WHAT IS REQUIRED: Your task is to write out all of the records once more, exactly.

..............................

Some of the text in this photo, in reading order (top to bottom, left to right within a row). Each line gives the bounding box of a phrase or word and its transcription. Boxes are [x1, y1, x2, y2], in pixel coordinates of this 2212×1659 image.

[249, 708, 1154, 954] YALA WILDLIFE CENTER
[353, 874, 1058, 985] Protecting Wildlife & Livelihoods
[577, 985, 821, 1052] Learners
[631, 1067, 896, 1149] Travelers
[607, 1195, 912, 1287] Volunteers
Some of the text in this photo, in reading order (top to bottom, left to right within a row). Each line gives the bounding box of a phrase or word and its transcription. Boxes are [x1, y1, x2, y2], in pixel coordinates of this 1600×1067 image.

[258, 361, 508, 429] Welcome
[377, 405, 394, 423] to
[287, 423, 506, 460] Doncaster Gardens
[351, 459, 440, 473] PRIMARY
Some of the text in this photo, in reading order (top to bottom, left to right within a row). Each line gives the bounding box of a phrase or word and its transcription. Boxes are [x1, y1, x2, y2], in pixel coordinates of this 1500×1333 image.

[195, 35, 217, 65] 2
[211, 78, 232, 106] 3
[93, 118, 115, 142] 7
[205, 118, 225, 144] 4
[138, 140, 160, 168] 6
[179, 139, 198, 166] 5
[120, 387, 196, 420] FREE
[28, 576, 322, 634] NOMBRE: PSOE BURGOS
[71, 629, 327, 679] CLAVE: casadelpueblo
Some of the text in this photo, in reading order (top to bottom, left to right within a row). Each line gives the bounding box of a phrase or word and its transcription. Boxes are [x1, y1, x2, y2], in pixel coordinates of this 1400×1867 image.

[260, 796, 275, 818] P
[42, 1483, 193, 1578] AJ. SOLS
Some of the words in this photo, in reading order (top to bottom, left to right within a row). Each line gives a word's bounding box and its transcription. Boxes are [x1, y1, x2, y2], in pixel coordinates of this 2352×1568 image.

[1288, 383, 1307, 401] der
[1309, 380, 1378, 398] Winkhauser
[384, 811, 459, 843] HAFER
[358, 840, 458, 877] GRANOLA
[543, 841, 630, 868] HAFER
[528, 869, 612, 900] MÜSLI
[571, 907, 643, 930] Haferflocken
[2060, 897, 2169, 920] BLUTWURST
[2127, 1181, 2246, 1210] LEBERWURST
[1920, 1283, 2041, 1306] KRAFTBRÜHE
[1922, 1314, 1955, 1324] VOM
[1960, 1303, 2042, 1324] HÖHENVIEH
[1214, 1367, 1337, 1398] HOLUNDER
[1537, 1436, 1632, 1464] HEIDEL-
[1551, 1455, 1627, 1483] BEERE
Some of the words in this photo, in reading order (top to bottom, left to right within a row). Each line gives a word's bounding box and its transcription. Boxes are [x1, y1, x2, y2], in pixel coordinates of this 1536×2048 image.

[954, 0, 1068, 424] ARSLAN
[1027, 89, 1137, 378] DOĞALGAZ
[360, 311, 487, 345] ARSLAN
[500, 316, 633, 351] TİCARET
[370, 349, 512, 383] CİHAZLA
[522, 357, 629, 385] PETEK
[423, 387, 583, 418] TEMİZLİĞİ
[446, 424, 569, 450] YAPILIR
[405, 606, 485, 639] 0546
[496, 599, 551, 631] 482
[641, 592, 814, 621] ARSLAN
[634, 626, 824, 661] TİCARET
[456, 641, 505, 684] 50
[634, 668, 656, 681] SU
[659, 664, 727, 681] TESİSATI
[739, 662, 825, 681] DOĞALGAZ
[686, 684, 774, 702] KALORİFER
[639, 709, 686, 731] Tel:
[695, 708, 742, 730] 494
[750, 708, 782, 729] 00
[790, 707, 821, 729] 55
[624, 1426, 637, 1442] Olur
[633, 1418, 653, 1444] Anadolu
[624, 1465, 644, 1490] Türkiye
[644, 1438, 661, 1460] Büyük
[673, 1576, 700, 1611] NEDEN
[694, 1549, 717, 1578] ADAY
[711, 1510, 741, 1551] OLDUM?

..............................

RESPONSE AREA:
Some of the text in this photo, in reading order (top to bottom, left to right within a row). Each line gives the bounding box of a phrase or word and its transcription. Boxes are [x1, y1, x2, y2], in pixel coordinates of this 2212×1659 image.

[249, 708, 1154, 954] YALA WILDLIFE CENTER
[353, 874, 1058, 985] Protecting Wildlife & Livelihoods
[577, 985, 821, 1052] Learners
[631, 1067, 896, 1149] Travelers
[607, 1195, 912, 1287] Volunteers
Some of the text in this photo, in reading order (top to bottom, left to right within a row). Each line gives the bounding box of a phrase or word and its transcription. Boxes are [x1, y1, x2, y2], in pixel coordinates of this 1600×1067 image.

[258, 361, 508, 429] Welcome
[377, 405, 394, 423] to
[287, 423, 506, 460] Doncaster Gardens
[351, 459, 440, 473] PRIMARY
Some of the text in this photo, in reading order (top to bottom, left to right within a row). Each line gives the bounding box of a phrase or word and its transcription. Boxes are [x1, y1, x2, y2], in pixel coordinates of this 1500×1333 image.

[195, 35, 217, 65] 2
[211, 78, 232, 106] 3
[93, 118, 115, 142] 7
[205, 118, 225, 144] 4
[138, 140, 160, 168] 6
[179, 139, 198, 166] 5
[120, 387, 196, 420] FREE
[28, 576, 322, 634] NOMBRE: PSOE BURGOS
[71, 629, 327, 679] CLAVE: casadelpueblo
Some of the text in this photo, in reading order (top to bottom, left to right within a row). Each line gives the bounding box of a phrase or word and its transcription. Boxes are [x1, y1, x2, y2], in pixel coordinates of this 1400×1867 image.

[260, 796, 275, 818] P
[42, 1483, 193, 1578] AJ. SOLS
Some of the words in this photo, in reading order (top to bottom, left to right within a row). Each line gives a word's bounding box and its transcription. Boxes are [x1, y1, x2, y2], in pixel coordinates of this 2352×1568 image.

[1288, 383, 1307, 401] der
[1309, 380, 1378, 398] Winkhauser
[384, 811, 459, 843] HAFER
[358, 840, 458, 877] GRANOLA
[543, 841, 630, 868] HAFER
[528, 869, 612, 900] MÜSLI
[571, 907, 643, 930] Haferflocken
[2060, 897, 2169, 920] BLUTWURST
[2127, 1181, 2246, 1210] LEBERWURST
[1920, 1283, 2041, 1306] KRAFTBRÜHE
[1922, 1314, 1955, 1324] VOM
[1960, 1303, 2042, 1324] HÖHENVIEH
[1214, 1367, 1337, 1398] HOLUNDER
[1537, 1436, 1632, 1464] HEIDEL-
[1551, 1455, 1627, 1483] BEERE
Some of the words in this photo, in reading order (top to bottom, left to right within a row). Each line gives a word's bounding box and its transcription. Boxes are [x1, y1, x2, y2], in pixel coordinates of this 1536×2048 image.

[954, 0, 1068, 424] ARSLAN
[1027, 89, 1137, 378] DOĞALGAZ
[360, 311, 487, 345] ARSLAN
[500, 316, 633, 351] TİCARET
[370, 349, 512, 383] CİHAZLA
[522, 357, 629, 385] PETEK
[423, 387, 583, 418] TEMİZLİĞİ
[446, 424, 569, 450] YAPILIR
[405, 606, 485, 639] 0546
[496, 599, 551, 631] 482
[641, 592, 814, 621] ARSLAN
[634, 626, 824, 661] TİCARET
[456, 641, 505, 684] 50
[634, 668, 656, 681] SU
[659, 664, 727, 681] TESİSATI
[739, 662, 825, 681] DOĞALGAZ
[686, 684, 774, 702] KALORİFER
[639, 709, 686, 731] Tel:
[695, 708, 742, 730] 494
[750, 708, 782, 729] 00
[790, 707, 821, 729] 55
[624, 1426, 637, 1442] Olur
[633, 1418, 653, 1444] Anadolu
[624, 1465, 644, 1490] Türkiye
[644, 1438, 661, 1460] Büyük
[673, 1576, 700, 1611] NEDEN
[694, 1549, 717, 1578] ADAY
[711, 1510, 741, 1551] OLDUM?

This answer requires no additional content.